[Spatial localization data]
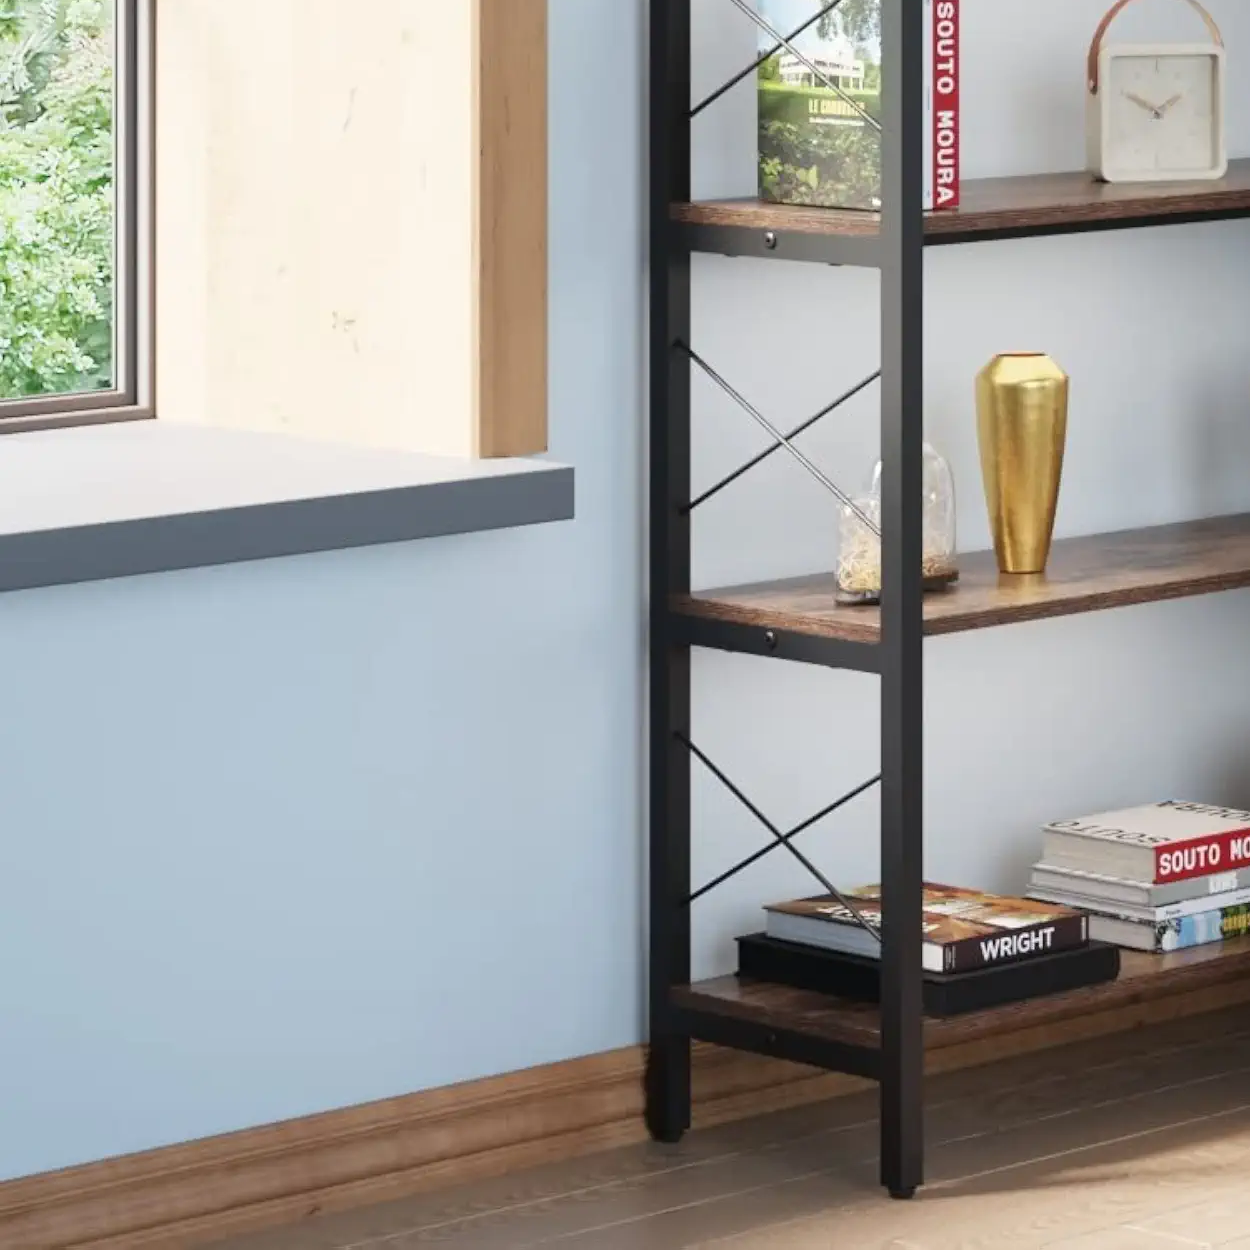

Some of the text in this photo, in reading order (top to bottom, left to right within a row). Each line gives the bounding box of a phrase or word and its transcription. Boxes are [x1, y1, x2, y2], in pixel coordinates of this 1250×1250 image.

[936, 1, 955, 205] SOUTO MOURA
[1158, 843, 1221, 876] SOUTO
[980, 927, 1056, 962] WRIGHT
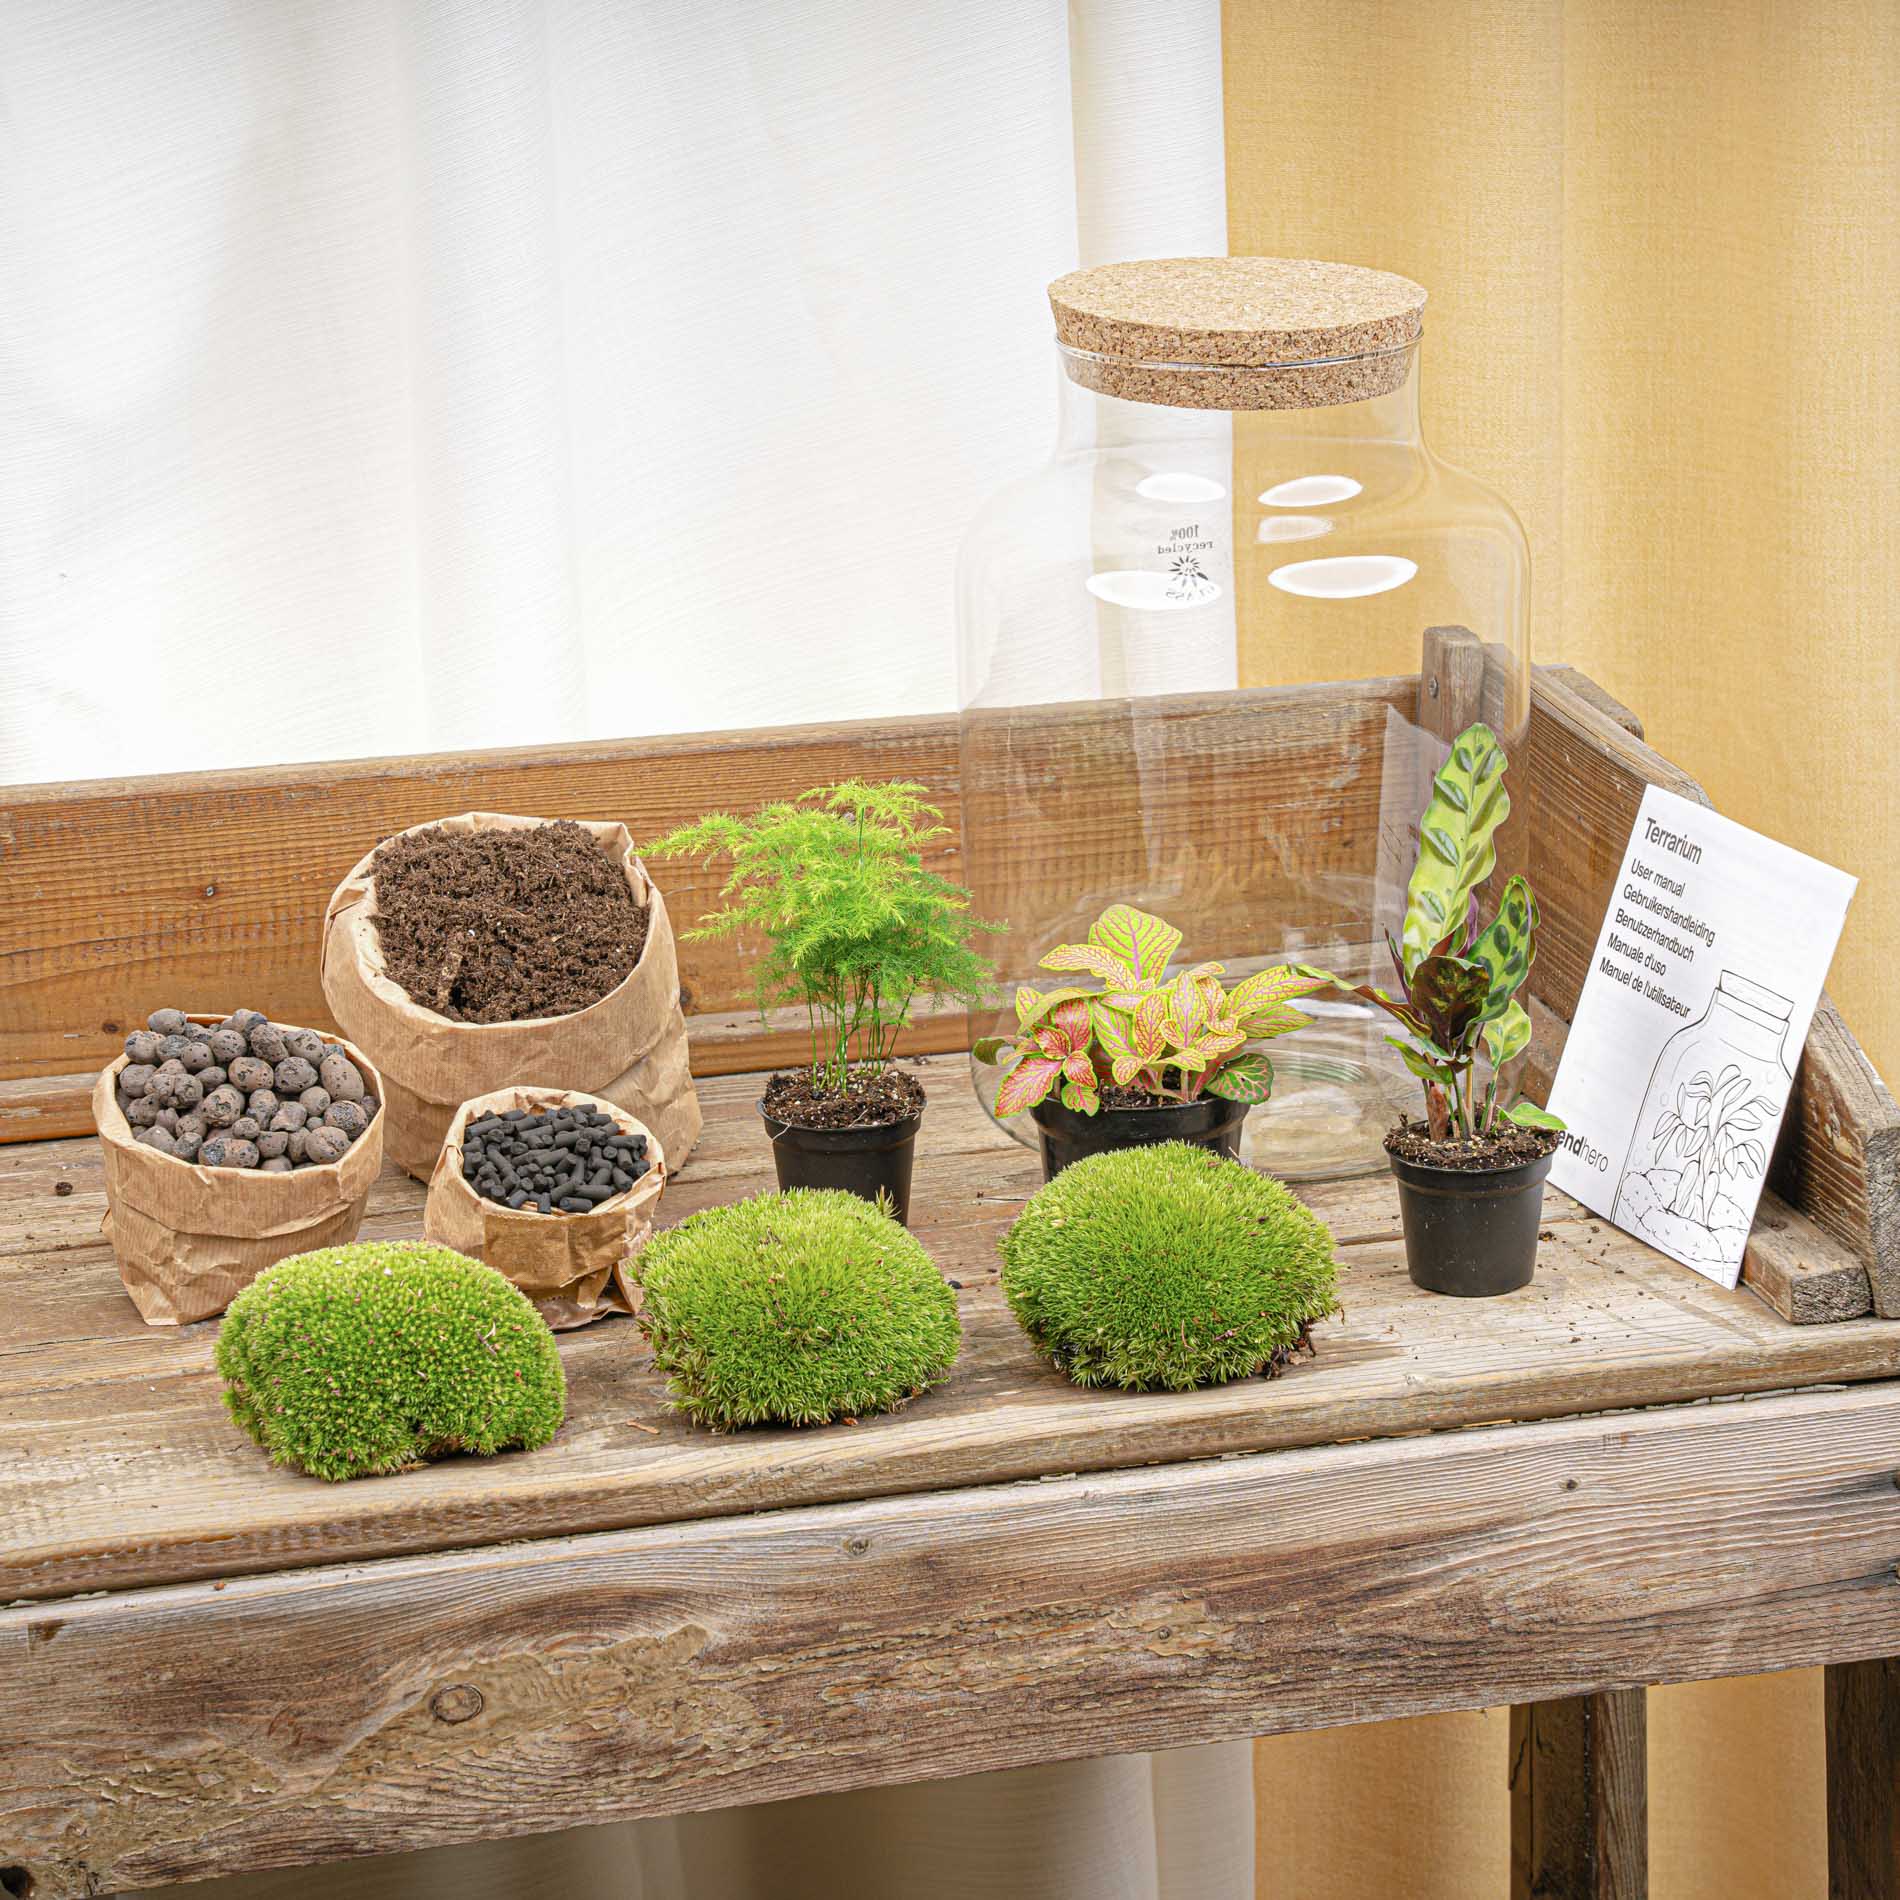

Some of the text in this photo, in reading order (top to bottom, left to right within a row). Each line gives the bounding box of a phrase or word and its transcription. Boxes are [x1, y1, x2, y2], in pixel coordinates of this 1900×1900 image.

## AIM OF THE TASK
In the copy, no pictures should appear; the records themselves must be repeated exactly.

## ANSWER TO THIS PROBLEM
Some of the text in this photo, in reading order (top to bottom, left to right within a row). Each line gives the bounding box of a phrase or word and its transcription. Boxes are [x1, y1, x2, y2], in pixel coordinates of this 1250×1250 image.

[936, 1, 955, 205] SOUTO MOURA
[1158, 843, 1221, 876] SOUTO
[980, 927, 1056, 962] WRIGHT

Some of the text in this photo, in reading order (top to bottom, left to right within a row). Each line gives the bounding box of a phrase or word and its transcription. Boxes are [x1, y1, x2, y2], in pixel coordinates of this 1900×1900 image.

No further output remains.